I've been trying to write something for this site for a couple days now and just haven't really had anything to say...so, pardon me if this is nothing but rambling nothings... :) Do you remember the old saying that children are meant to be seen and not heard? I've always had a problem with that statement, but lately it's really bothered me. I don't' know, maybe it's because I work in children's ministry and because I've always loved kids and loved being around kids, but who really thought that thought up???? and why did it catch on like it did? So, on that note, here's a great quote...from a 7 year old...
"I believe in God, but I still wonder about a lot of things. Like I wonder how He made eyeballs." Joseph Langer
How true is that? I know that I believe in God, but I still wonder about a lot of things, myself. I wonder why friends hurt, I wonder why life is hard, I wonder why everything can't go right at once. I wonder if I love Him enough, I wonder how I got so blessed, I wonder what people see when they look at me. I hope the person they see is the person I am. I hope I am as genuine as I can be. I find it funny that the deeper my faith becomes, the more questions there are to ask. But, that is part of seeking him; that is part of experiencing life and experiencing this journey we are on, instead of just being here.
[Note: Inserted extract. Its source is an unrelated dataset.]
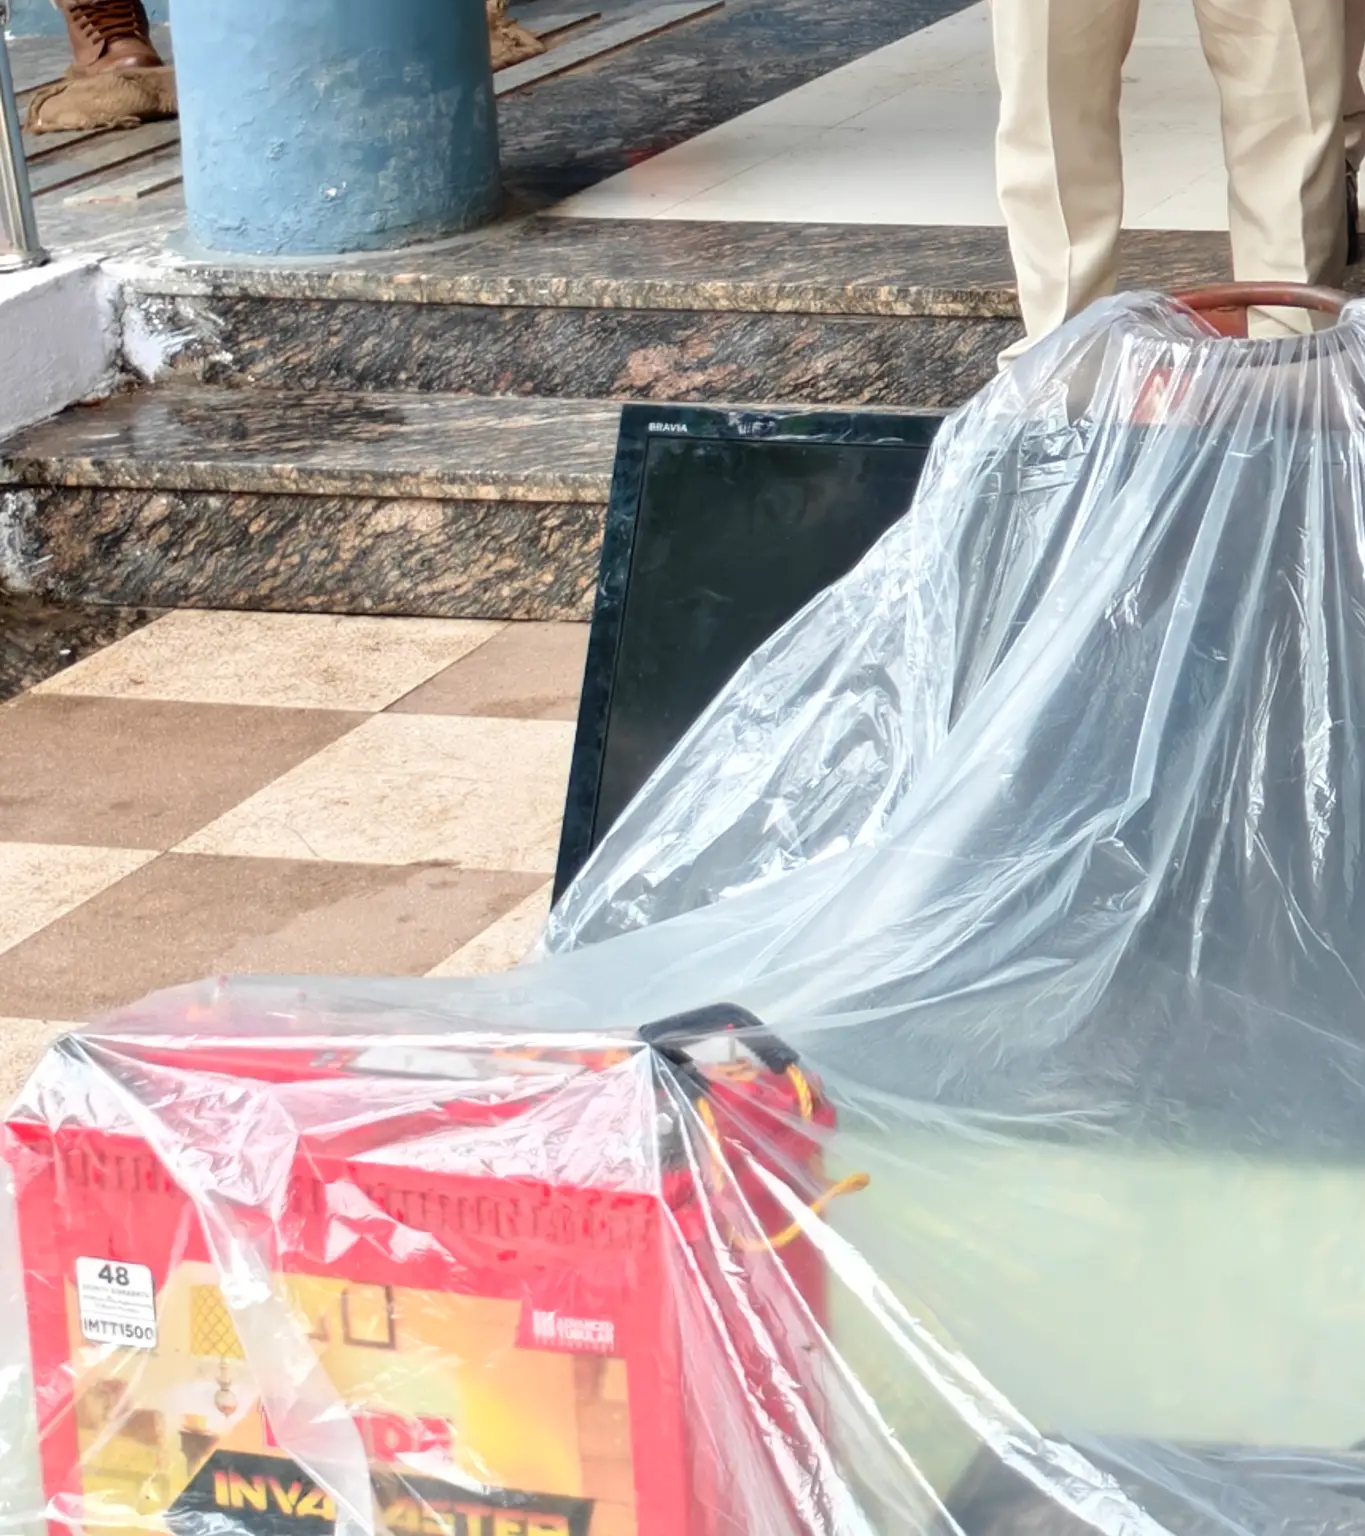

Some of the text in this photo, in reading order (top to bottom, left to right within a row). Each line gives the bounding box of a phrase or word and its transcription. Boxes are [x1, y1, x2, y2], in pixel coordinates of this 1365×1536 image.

[648, 421, 689, 434] BRAVIA
[98, 1263, 130, 1286] 48
[83, 1316, 155, 1341] IMTT1500
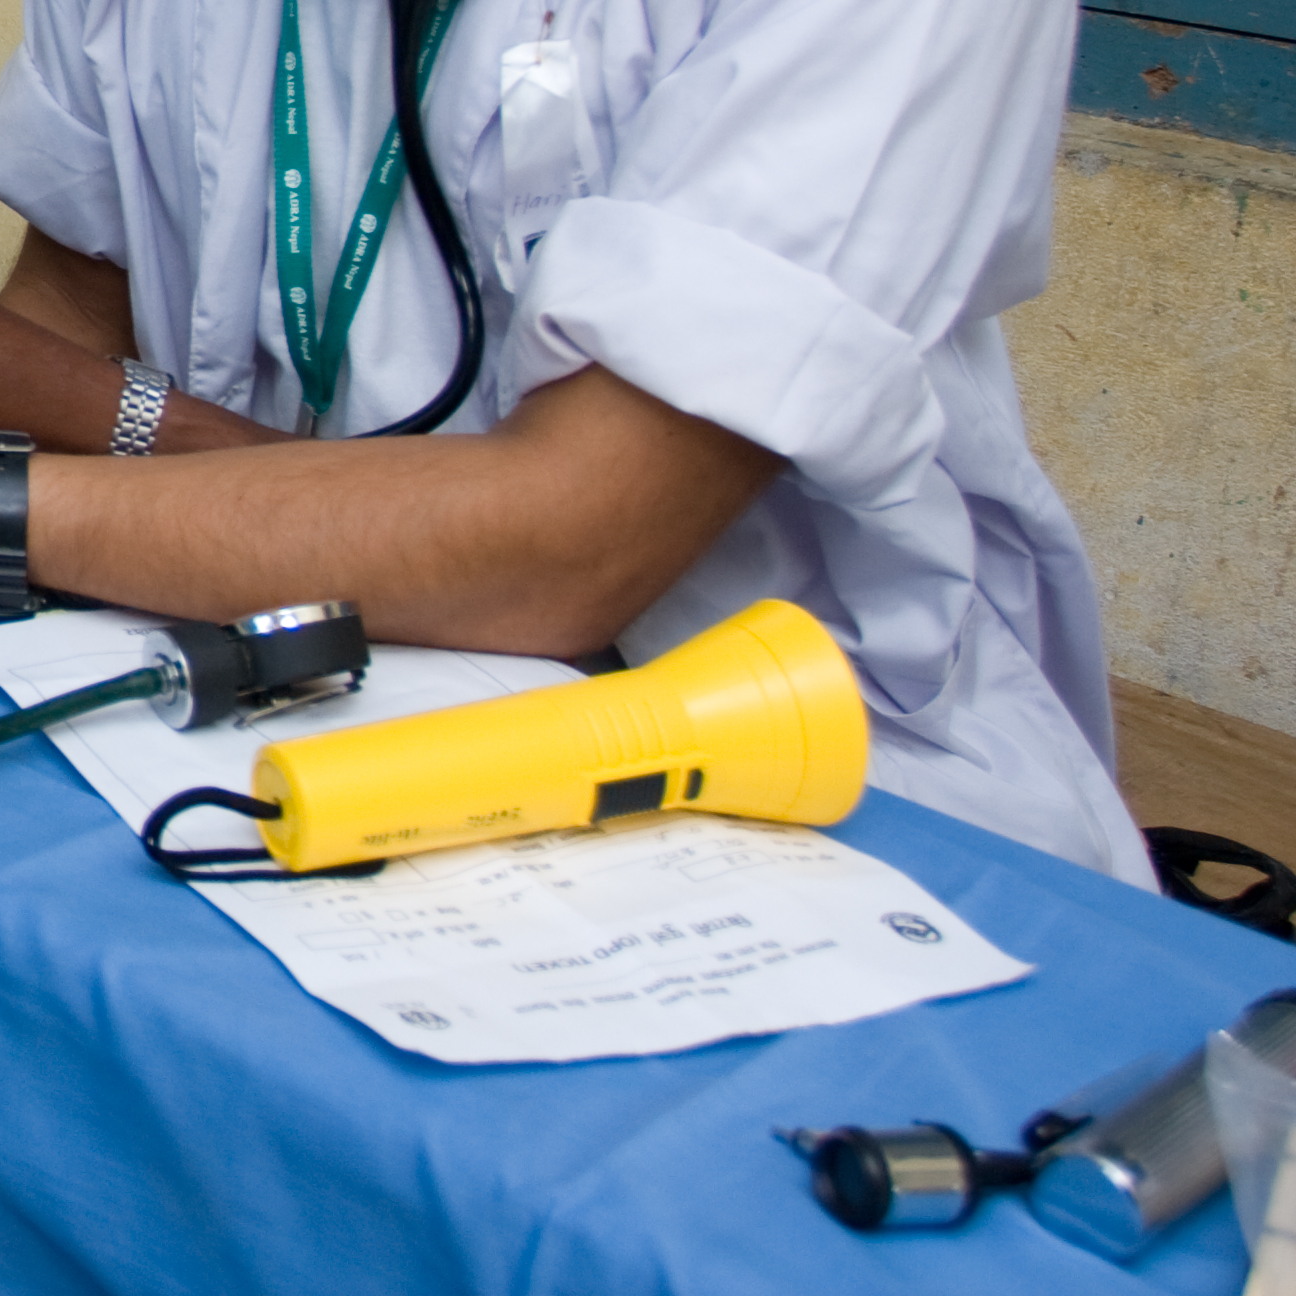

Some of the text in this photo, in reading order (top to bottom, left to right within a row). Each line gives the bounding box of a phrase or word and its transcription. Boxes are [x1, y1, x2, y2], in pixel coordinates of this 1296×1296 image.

And that's one of the greatest things about being a kid, whether your a little one in 'reality' like Joseph or whether you're a kid like we all are; God's kids. Kids aren't afraid to ask questions, they are naturally inquisitive, and they want to know what is going on in the world; what's more, they want to know WHY...the questions get a little harder, the older we get, but the longing to ask them stays. Instead of why is the sky blue? we wonder...why do bad things happen to good people? Instead of why does a dog bark? we wonder why do we say such hurtful things when in our hearts we are not hurtful beings? Instead of why is that boy sad? we ask why am I sad, why am I lonely, why do I hurt?
And, just like we don't always have the answers for everything a seven-year-old asks, God doesn't always let us in on the plan. The secret is to take comfort in the plan anyway....and know that He's already answered the hardest question of all...Why did you send Jesus to die for me? Because I love you, that's why.
So, wonder away, dear children. Ask God the hard questions and then relax knowing that He's got the details already worked out. Why? Because God is God and we are man...we only know one little piece in the puzzle of the universe.